Katılım, kazanmaktan daha önemlidir ve bu yolculuk ve en önemli olan sıkı çalışma ve gelecekte madalya kazanmalarına yardımcı olacak bu çabadır.
Bu, ne olursa olsun, hayatın sadece başarıya veya başarısızlığa bağlı olmayan uzun bir yolculuk olduğunu öğrenmemiz gereken önemli bir derstir.
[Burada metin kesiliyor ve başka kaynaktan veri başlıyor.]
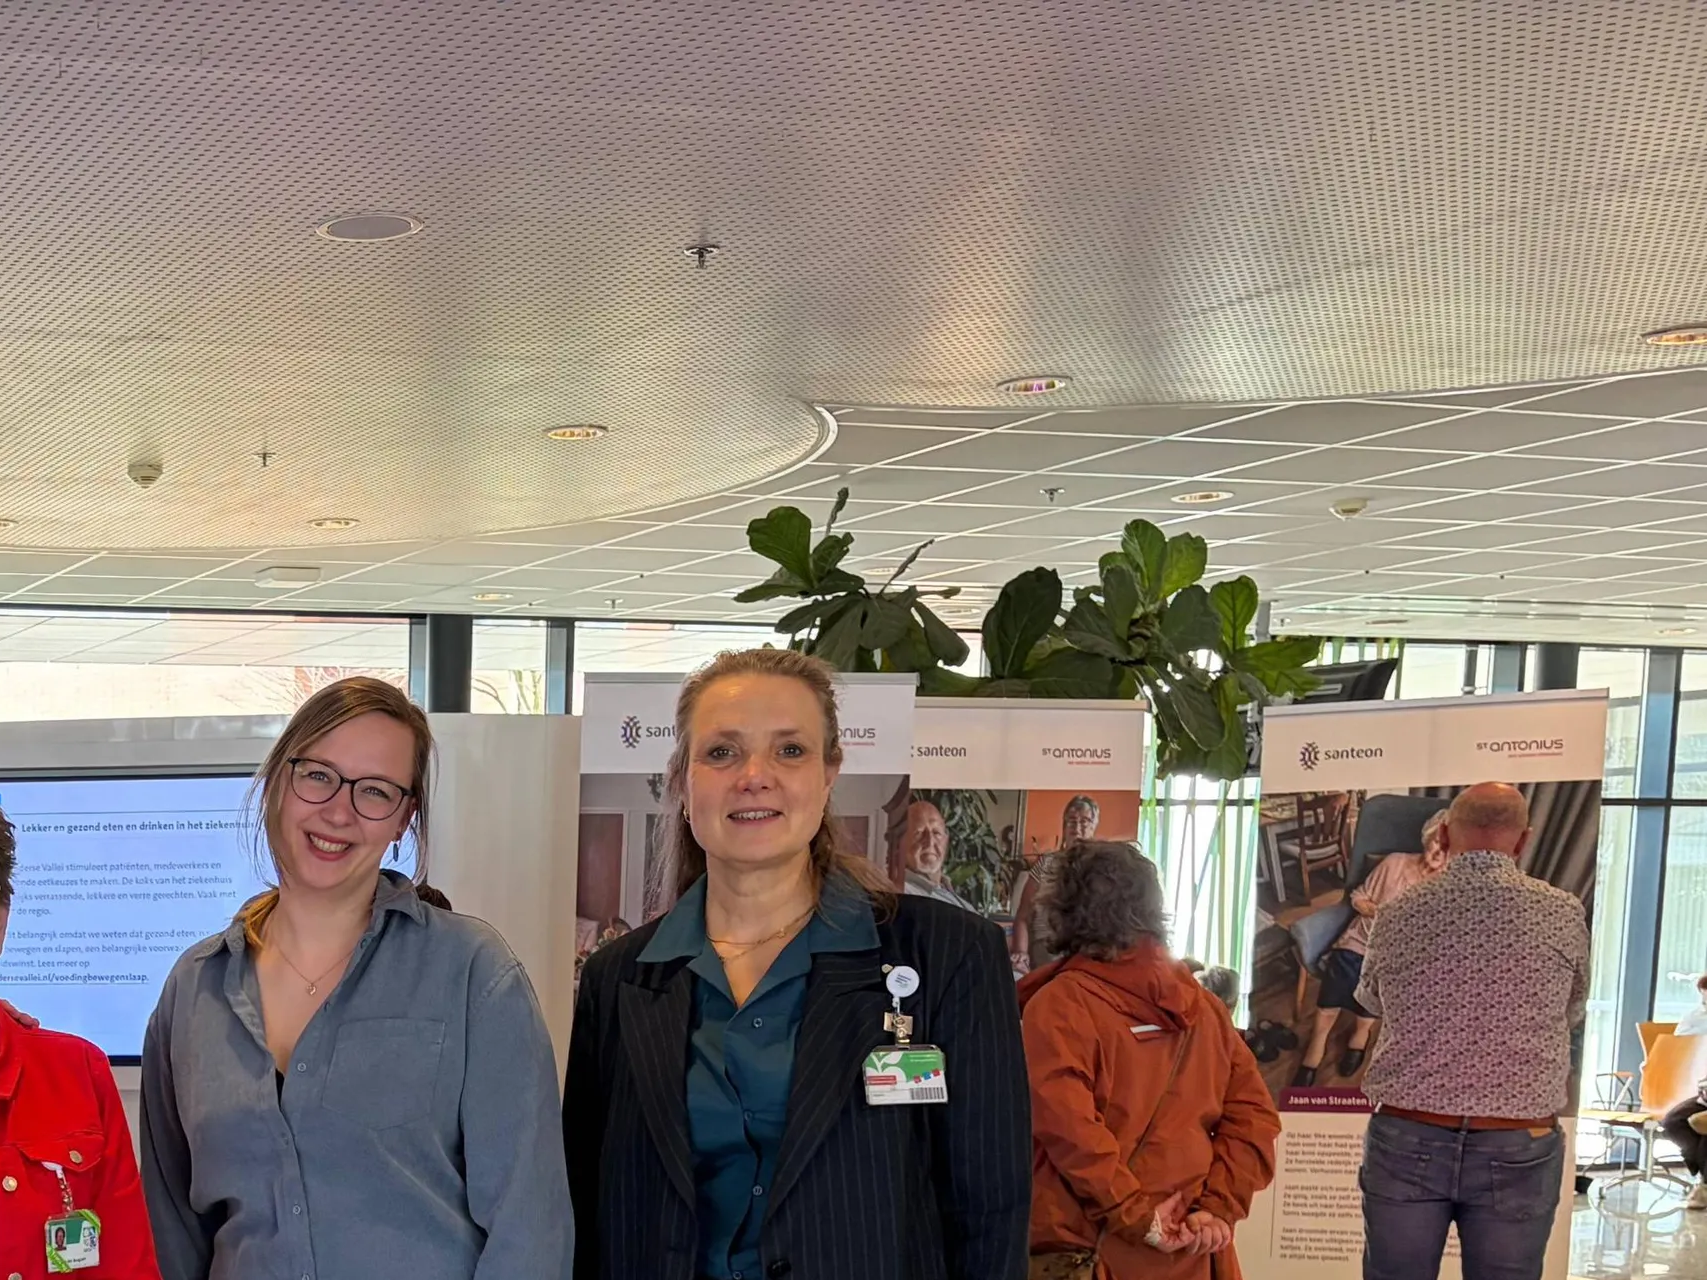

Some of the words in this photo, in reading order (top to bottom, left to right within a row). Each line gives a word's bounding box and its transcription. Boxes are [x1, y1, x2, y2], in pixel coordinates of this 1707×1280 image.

Hayat savaşı, çoğu durumda yokuş yukarı yapılır; ve mücadele etmeden kazanmak aynı zamanda zaferin onursuz olduğu anlamına da gelir. Zorluklar olmasaydı başarı olmazdı; Uğruna mücadele edilecek bir şey olmasaydı, elde edilecek hiçbir şey olmazdı, diyor Samuel gülümsüyor.
Anahtar paket servisi:
Sporun bizi motive etme, öğrenmemize ve kendimiz hakkında daha fazla şey keşfetmemize yardımcı olma gücü vardır. Bizi herhangi bir durumla yüzleşmeye hazırlar ve savaşa hazır hale getirir. Sporcuların 2020 Tokyo Olimpiyatları'nda bunu gösterme şekli bize çok şey öğretti ve bu öğrenmeler, kişinin hayatını hayal edebileceğinizden çok daha fazla şekilde dönüştürebilir.